BEGIN

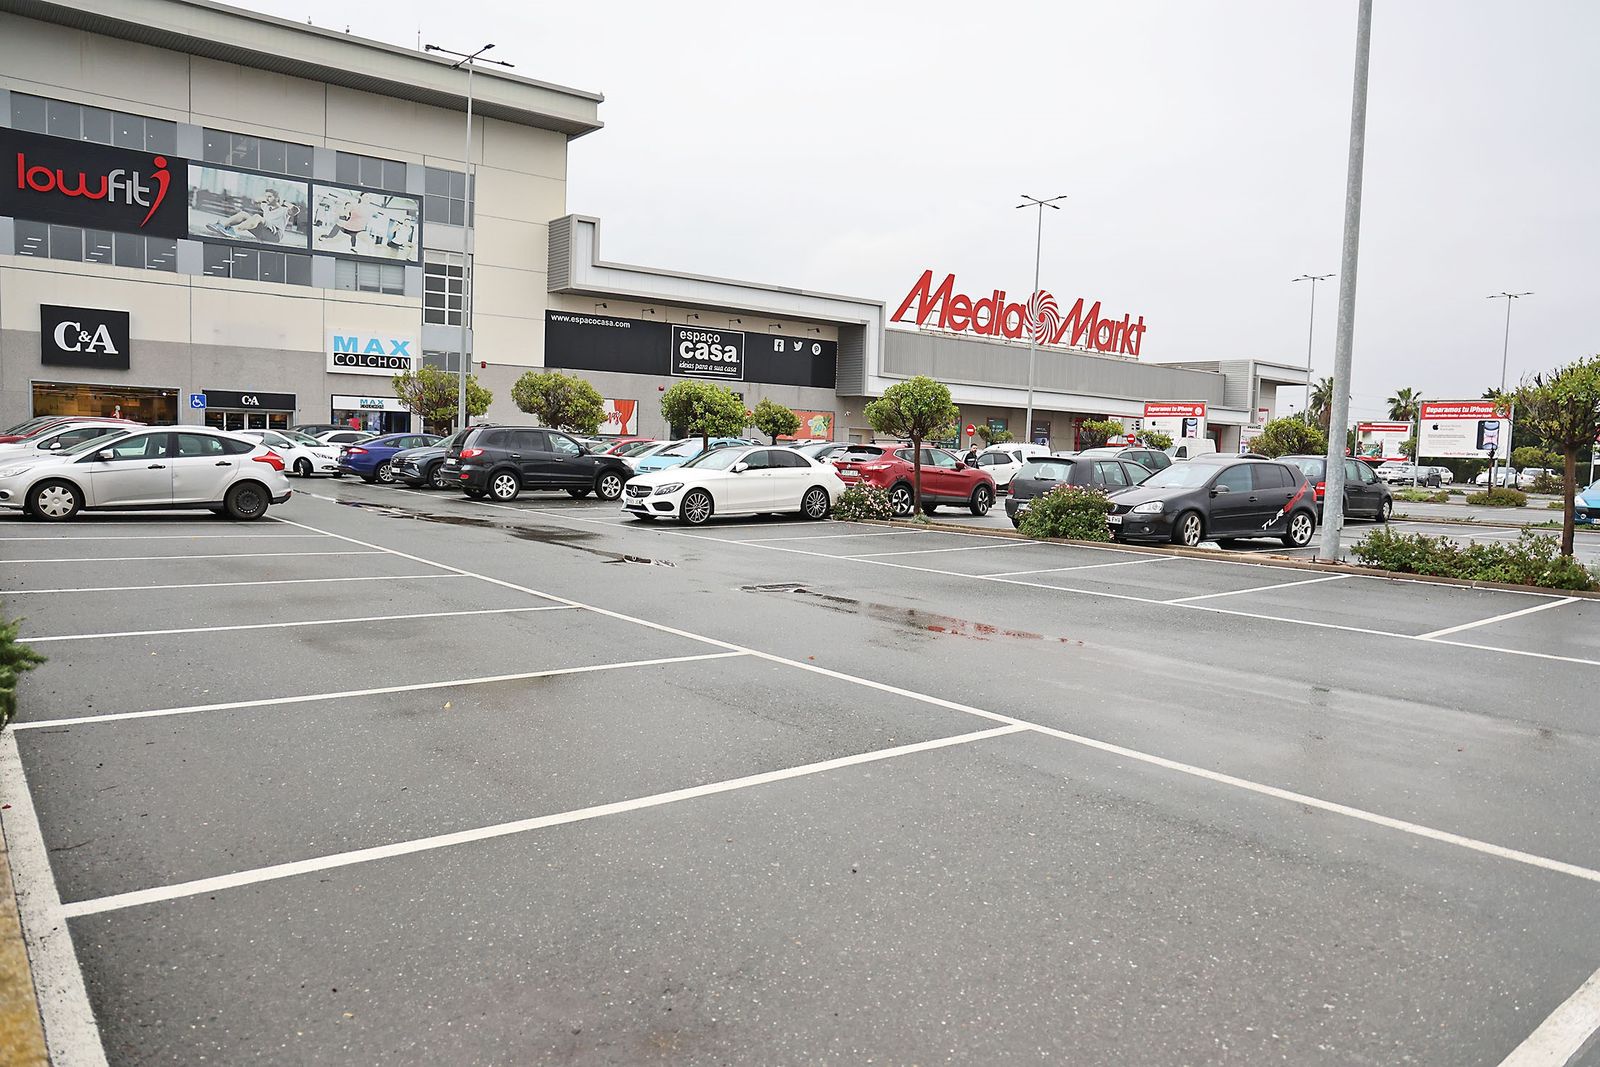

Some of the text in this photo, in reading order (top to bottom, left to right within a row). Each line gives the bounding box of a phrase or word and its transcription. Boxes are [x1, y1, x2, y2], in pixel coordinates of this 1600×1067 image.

[890, 269, 1147, 357] Media Markt
[550, 314, 631, 329] www.espacocasa.com
[53, 321, 119, 355] C&A
[679, 330, 721, 344] espaço
[333, 335, 411, 357] MAX
[334, 353, 411, 370] COLCHON
[678, 360, 695, 369] ideias
[695, 363, 709, 371] para
[1426, 406, 1461, 414] Reparamos
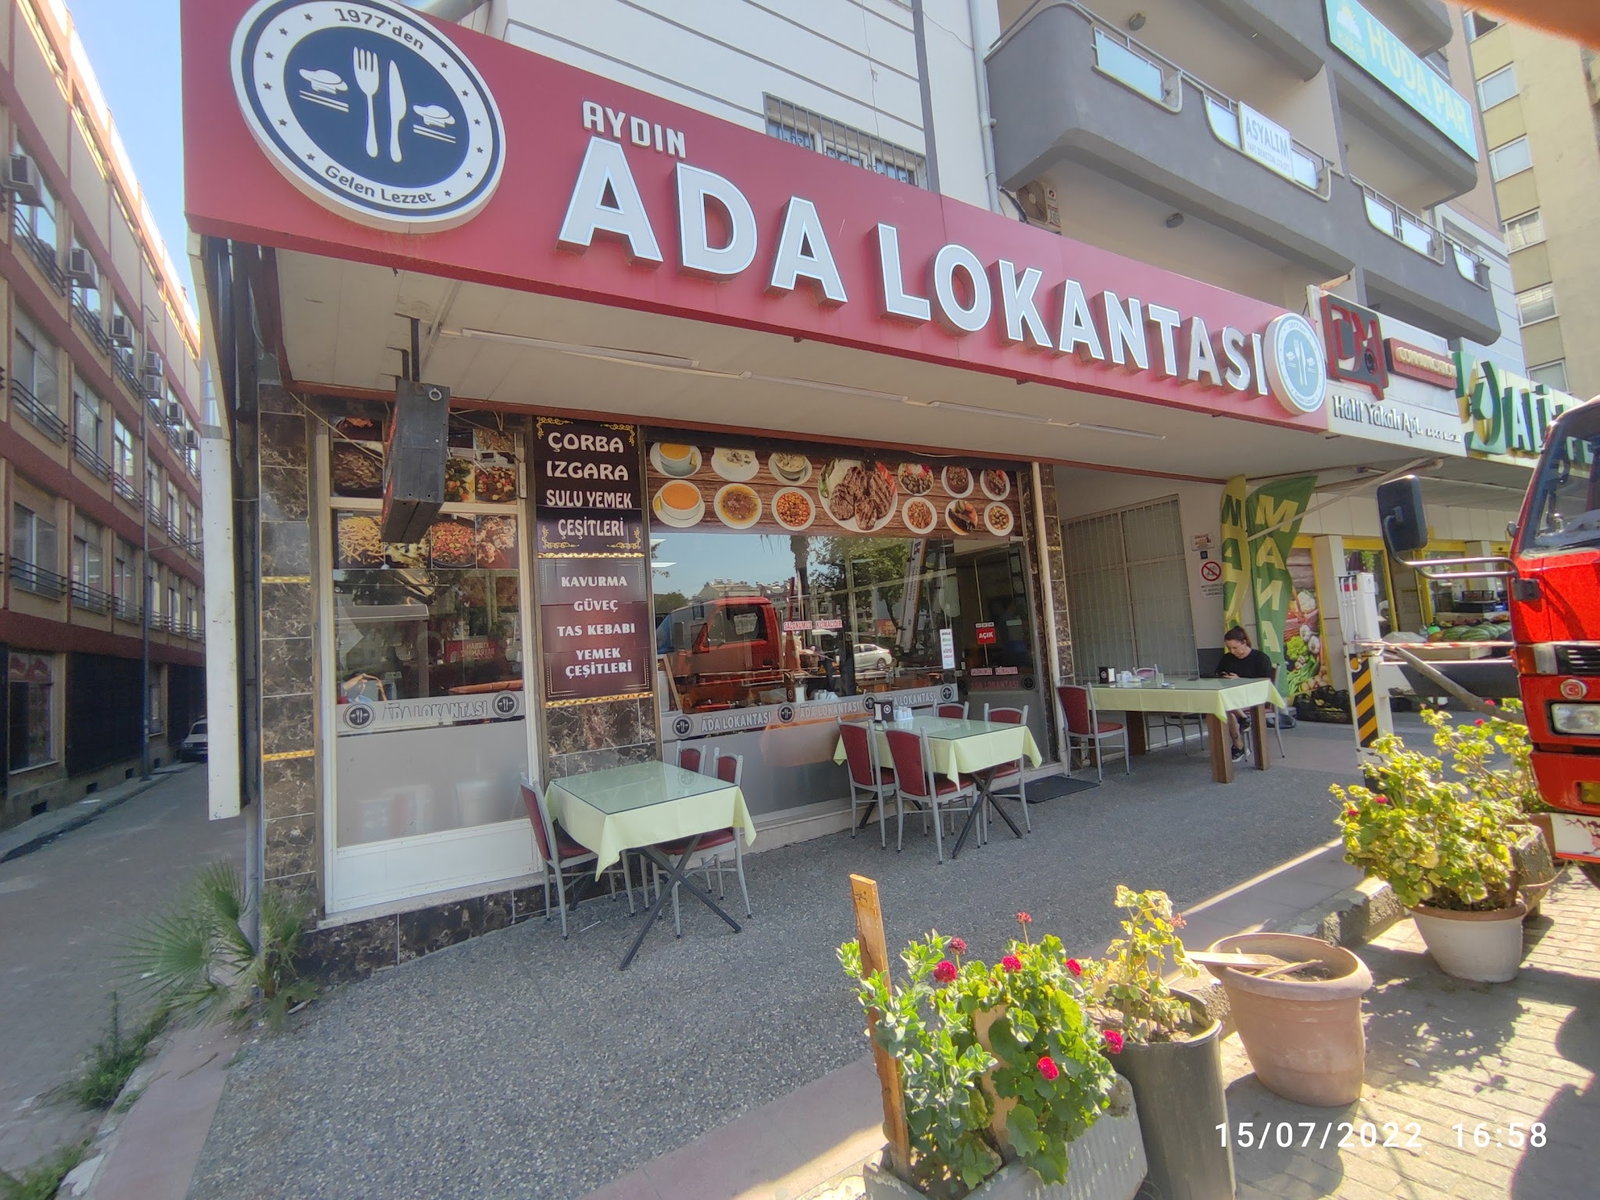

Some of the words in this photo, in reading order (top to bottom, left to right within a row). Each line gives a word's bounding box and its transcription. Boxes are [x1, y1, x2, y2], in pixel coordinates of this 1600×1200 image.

[334, 8, 424, 50] 1977'den
[1432, 76, 1470, 140] PAR
[582, 100, 686, 159] AYDIN
[325, 165, 375, 198] Gelen
[381, 188, 436, 204] Lezzet
[557, 135, 848, 306] ADA
[871, 223, 1268, 397] LOKANTASI
[1332, 395, 1363, 423] Halil
[1402, 411, 1423, 438] Apt.
[547, 432, 624, 453] ÇORBA
[546, 460, 629, 481] IZGARA
[546, 489, 583, 507] SULU
[587, 491, 632, 509] YEMEK
[557, 516, 624, 541] ÇEŞİTLERİ
[561, 576, 628, 588] KAVURMA
[573, 597, 618, 613] GÜVEÇ
[556, 626, 583, 637] TAS
[588, 623, 635, 635] KEBABI
[978, 631, 994, 639] AÇIK
[576, 648, 621, 660] YEMEK
[565, 659, 632, 678] ÇEŞİTLERİ
[382, 706, 412, 720] ADA
[414, 701, 488, 718] LOKANTASI
[701, 718, 721, 732] ADA
[722, 711, 771, 730] LOKANTASI

END

▶ **What is required**:
The response should restate the material above word for word and contain no pictures.

▶ **Result of this exercise**:
Some of the text in this photo, in reading order (top to bottom, left to right within a row). Each line gives the bounding box of a phrase or word and its transcription. Boxes are [x1, y1, x2, y2], in pixel coordinates of this 1600×1067 image.

[890, 269, 1147, 357] Media Markt
[550, 314, 631, 329] www.espacocasa.com
[53, 321, 119, 355] C&A
[679, 330, 721, 344] espaço
[333, 335, 411, 357] MAX
[334, 353, 411, 370] COLCHON
[678, 360, 695, 369] ideias
[695, 363, 709, 371] para
[1426, 406, 1461, 414] Reparamos

Some of the words in this photo, in reading order (top to bottom, left to right within a row). Each line gives a word's bounding box and its transcription. Boxes are [x1, y1, x2, y2], in pixel coordinates of this 1600×1200 image.

[334, 8, 424, 50] 1977'den
[1432, 76, 1470, 140] PAR
[582, 100, 686, 159] AYDIN
[325, 165, 375, 198] Gelen
[381, 188, 436, 204] Lezzet
[557, 135, 848, 306] ADA
[871, 223, 1268, 397] LOKANTASI
[1332, 395, 1363, 423] Halil
[1402, 411, 1423, 438] Apt.
[547, 432, 624, 453] ÇORBA
[546, 460, 629, 481] IZGARA
[546, 489, 583, 507] SULU
[587, 491, 632, 509] YEMEK
[557, 516, 624, 541] ÇEŞİTLERİ
[561, 576, 628, 588] KAVURMA
[573, 597, 618, 613] GÜVEÇ
[556, 626, 583, 637] TAS
[588, 623, 635, 635] KEBABI
[978, 631, 994, 639] AÇIK
[576, 648, 621, 660] YEMEK
[565, 659, 632, 678] ÇEŞİTLERİ
[382, 706, 412, 720] ADA
[414, 701, 488, 718] LOKANTASI
[701, 718, 721, 732] ADA
[722, 711, 771, 730] LOKANTASI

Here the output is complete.